Lev Manovich <www.manovich.net> is the author of Soft Cinema: Navigating the
Database (The MIT Press, 2005), and The Language of New Media (The MIT
Press, 2001) which is hailed as "the most suggestive and broad ranging media
history since Marshall McLuhan." He is a Professor of Visual Arts,
University of California, San Diego <visarts.ucsd.edu> and a Director of The
Lab for Cultural Analysis at California Institute for Telecommunications and
Information Technology <www.calit2.net>. He is Currently research
Fellow at Media Design Research, Piet Zwart Institute, Willem de
Kooning Academy, Rotterdam. http://www.pzwart.wdka.hro.nl/


This event is organised by Media Design Research, Piet Zwart
Institute, Willem de Kooning Academie, Rotterdam.

http://www.pzwart.wdka.hro.nl/
http://www.wdka.hro.nl/

Comments

, Jim Andrews

> This situation fundamentally changed over the last few years as the
> developments in IT now make possible for us for the first time to record
> (and consequently organize and access) as much data as we want.
> How does IT
> industry, computer science and engineering research, media design and art
> are responding to this new 'post-compression' condition? What
> kind of media
> art can we create today when we can capture the world without any
> limitations.

Really? What has happened over time is the size of the hard drives have
increased and so have the sizes of the entities we save. A film can easily
take up more than a gigabyte. And a typical hard drive can hold then about a
hundred movies. And I imagine that part of the response to yet bigger hard
disks will be yet bigger entities. Some games, for instance, that you play
over the net are forever expanding their storage space on your hard drive
with new levels and environments and so on.

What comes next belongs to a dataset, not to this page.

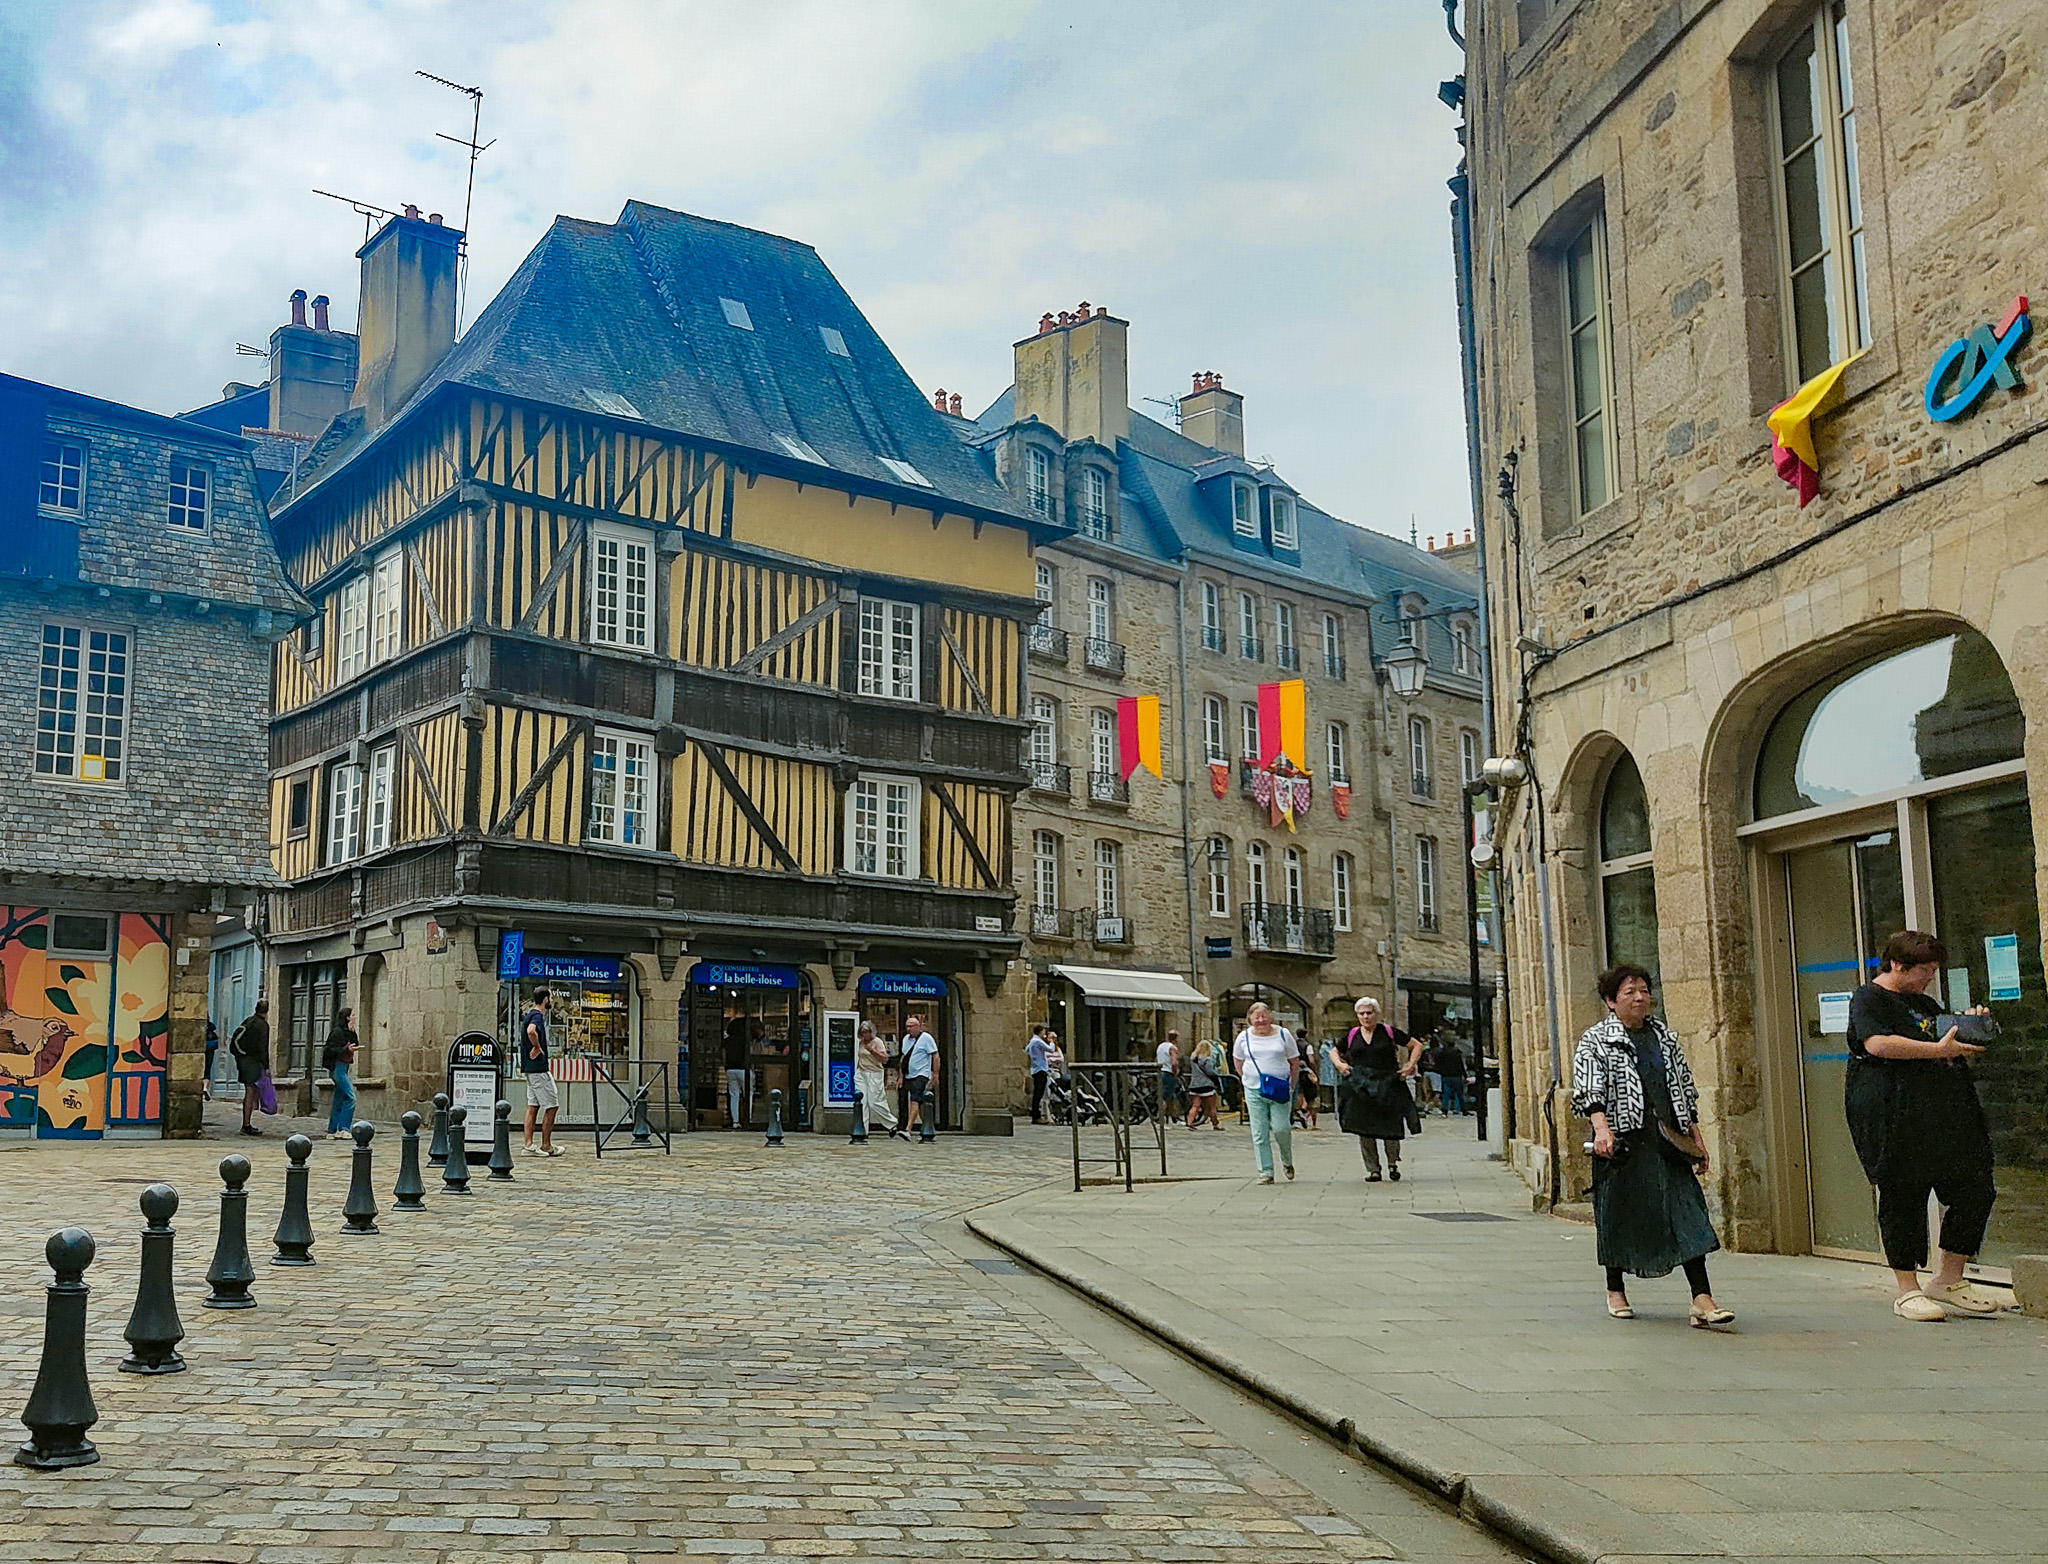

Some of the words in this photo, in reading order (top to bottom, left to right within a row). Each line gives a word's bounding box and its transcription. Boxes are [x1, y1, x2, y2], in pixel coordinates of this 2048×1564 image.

I don't think there are no limitations to data storage now, given that what
we store changes in response to the amount of storage space available. And
the net bandwidth. And whatever else.

Computer Science tells us that most computing problems are intractable and
that there are infinitely many of them. Which is to say we can always max
out whatever computer we have if it addresses the types of tasks it's
capable of. Film is not the end of the road.

Let's suppose that we ourselves operate at about 24 'frames per second' at
the visual level (never mind sound and touch and other sensory data). And in
a moment we take in, say, an area that is 4000x4000 in distinguishable
'pixels'. And that we can distinguish about 66666 different colours. Round
that to 65536=2^24 which would take 3 bytes to code. I'm not sure if those
numbers are right but I suspect they're in the ballpark.

3 bytes * 24 * 4000 * 4000 = 1,152,000,000 bytes per second = 1.152 Gb/sec.
of visual information.

Then there's sound and touch and smell and taste. As a rude approximation,
let's just say each of these is half the bandwidth of the visual.

So that'd put the whole critter at about 3.5 Gb/sec of sensory information.
CPU's can't handle that yet.

If the typical hard drive is about 100 Gb, that gives us about 33 seconds
per hard drive of full sensory storage.